Tambien google Ayuda.

Saludos


----------



## kennynanye

gracias amigo,no te imaginas todo lo que he buscado pero nada


----------



## aldemarar

kennynanye dijo:


> gracias amigo,no te imaginas todo lo que he buscado pero nada


 
mira estos planos si te sirven


----------



## kennynanye

aldemarar dijo:


> mira estos planos si te sirven



hola aldemar,tengo unos parlantes super tone de 1000 wats .quiero hacer dos bajos  tengo unos planos llamados folden horns y una planta hachiza de 10 transistores por canal pero no se si es lo adecuado quisiera saber si todo el conjunto sonaria bien .o tu que me recomiendas


----------



## aldemarar

de recomendarte eso depende de que uso le vas a dar.
y cuantos parlantes son?


----------



## aldemarar

Henrick2009 dijo:
			
		

> Hola a todos estoy por terminar los Bajos Cerwin vega ab-36 pero necesito que me ayuden que Grosor tiene la tapa de aluminio; al terminar les comparto las fotografias, planos y el proceso de contruccion paso a paso que utilice.


 
los mios tienen una lamina 4 mm

mis serwin vega tienen un parlantes de 15" omega pro de eminence de 800 watt rms


----------



## pedrosoreturn

Bro buenos dias... llego al foro en busca realizar la cajas cerwin.... en que plano te basastepara ponerle un bajo 15"??? ya que todos creo que estan diseñados para 18"??

saludos desde Venezuela


----------



## KNIGHTKNIGHT

al parecer acaban de poner en venta este Gabinete Cerwin Vega llamado LE-36 con woofer de 18"
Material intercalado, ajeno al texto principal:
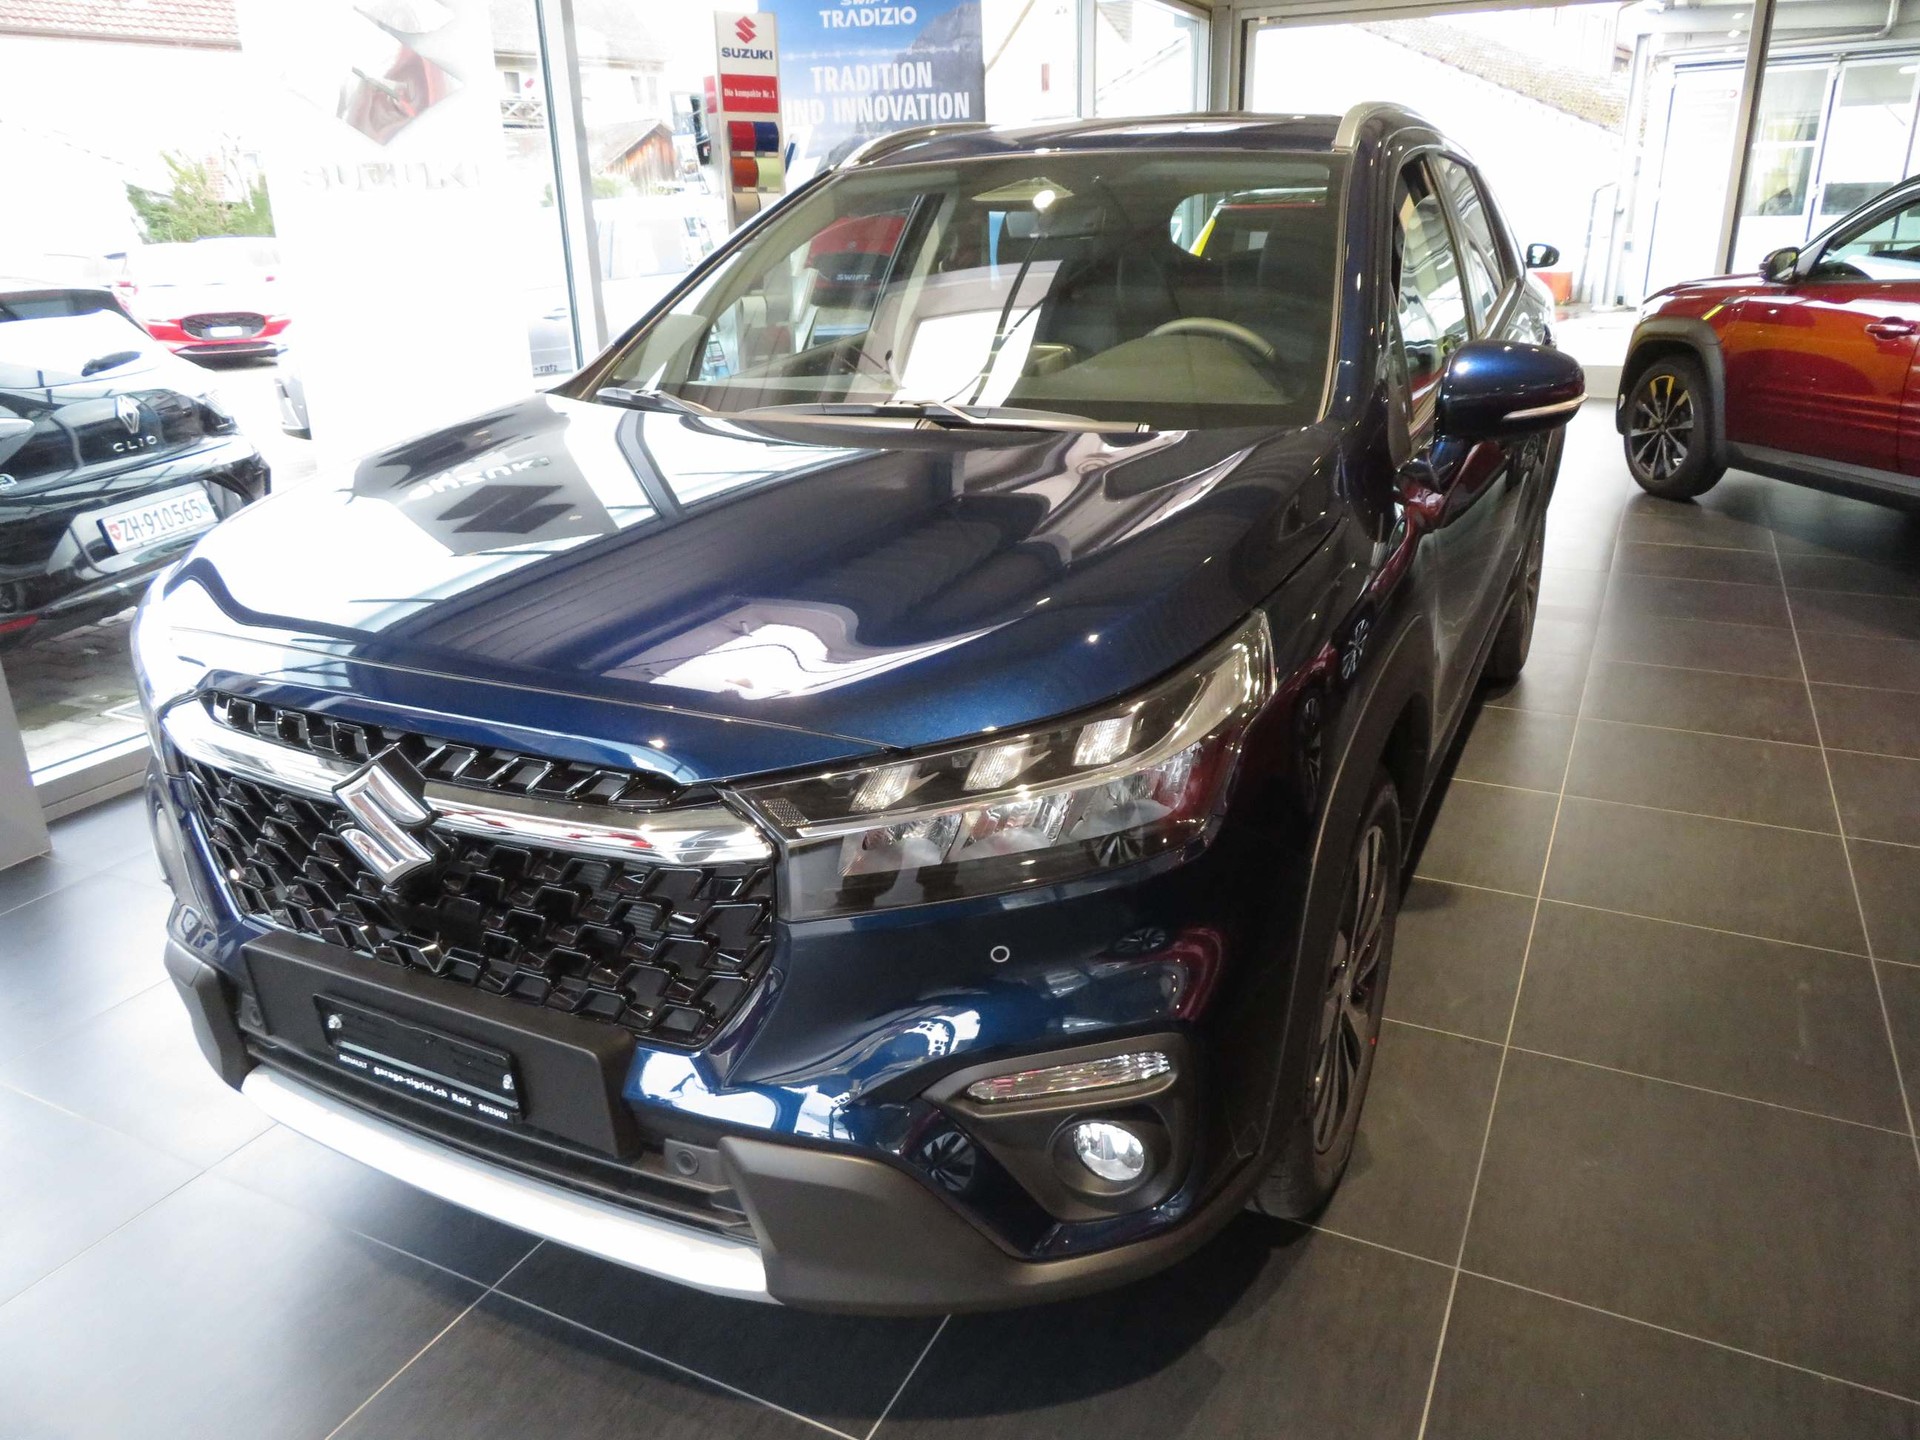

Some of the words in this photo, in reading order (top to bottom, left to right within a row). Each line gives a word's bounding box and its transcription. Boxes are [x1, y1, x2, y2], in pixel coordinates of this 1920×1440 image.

no se sabe mucho de el, pero es un poco mas alto que los regulares AB y EL
veanlo en:

http://www.cerwin-vega.com/pro-audio/folded-horn-subwoofer/le-36.html


----------



## KNIGHTKNIGHT

Buenas, 
te recomiendo mejor el AB36 
el L36 es modelo muy reviejo, el nuevo es el LE36 pero ni idea como es por dentro, los planos del AB los puedes sacar del documento brochure de la pagina de cerwinvega

abrelo aqui, tarda en cargar:
http://www.cerwin-vega.com/pdf/cv_pro_brochure.pdf

en una de las paginas muestran un corte transversal del AB36 y del TS el ancho lo sacas tu mismo restando el ancho de 61cm menos dos veces el espesor de la madera que uses


----------



## Tacatomon

Están interesantes estos modelo híbridos de recintos acústicos. Hay documentación sobre esta caja y parece ser que hablan bien de ella. Se agradece el tamaño compacto y portátil . ¿Quien las prueba?
http://www.freespeakerplans.com/cubo-18.html

Saludos!


----------



## KNIGHTKNIGHT

Tacatomon, yo una ves hice una caja como esa, y sonaba bien, claro era mucho mas grande de 
70cm alto
85 prof
62 ancho
no igual pero si el mismo efecto, la probe en la casa sonaba muy bien, pero la puse a sonar en medio de la calle y no suena absolutamente nada, que digo NADA el bajo, me parecia que no habia conectado el amplificador de los graves, pero si estaban sonando full, pero el sonido no viaja a mas de medio metro de la caja, por el cortocircuito acustico, 

en resumen, dentro de una vivienda tal ves sirva, pero al aire libre es una sht, luego me toco desarmarla y modificarla


----------



## Tacatomon

Pero la hiciste modificada. Esta caja está diseña desde cero. Por eso el interés. Además, puede trabajar con varios altavoces más o menos terrenales. Realmente, el autor la diseño para altavoces de 15" y en este modelo aparece una gráfica de ganancia en db comparada con una altavoz en bass-reflex. Parece ser una buena caja. No es un cortocircuito acústico, si fuiese así no tendría razón de ser. 
http://www.freespeakerplans.com/cubo-15q.html

Están buenos los comentarios de la pag. 

Saludos!


----------



## KNIGHTKNIGHT

si por eso yo probe un modelo parecido, solo que es mas grande, dentro de mi casa hacia temblar las ventanas, incluso mi vecino del frente vino a ver que estaba haciendo, pero no me sirve porque yo uso el equipo es al aire libre, y al probarla en la calle se vio el efecto CC, por eso es que las cajas cerwin vega y turbosound, usan el recinto sellado, porque al poner la caja a sonar en una zona abierta no servira sino para midrange

te lo digo porque yo he hecho muchas, pruebas con todo tipo de formas, pero en la realidad, porque utilizando los famosos programas de cajas acústicas me dan resultados totalmente diferentes, ademas que tengo mi propio equipo para medir la presion del sonido a la salida del gabinete


----------



## vicmagucas

Cerwin vega tiene una nueva caja de subgraves la JE 36C, lo que me llama la atención de esta caja son sus dimensiones. 

Altura: 91.4 cm
Ancho: 61 cm
Profundida: 61 cm

Me gustaría conocer las medidas y distribuciòn interna de esta caja.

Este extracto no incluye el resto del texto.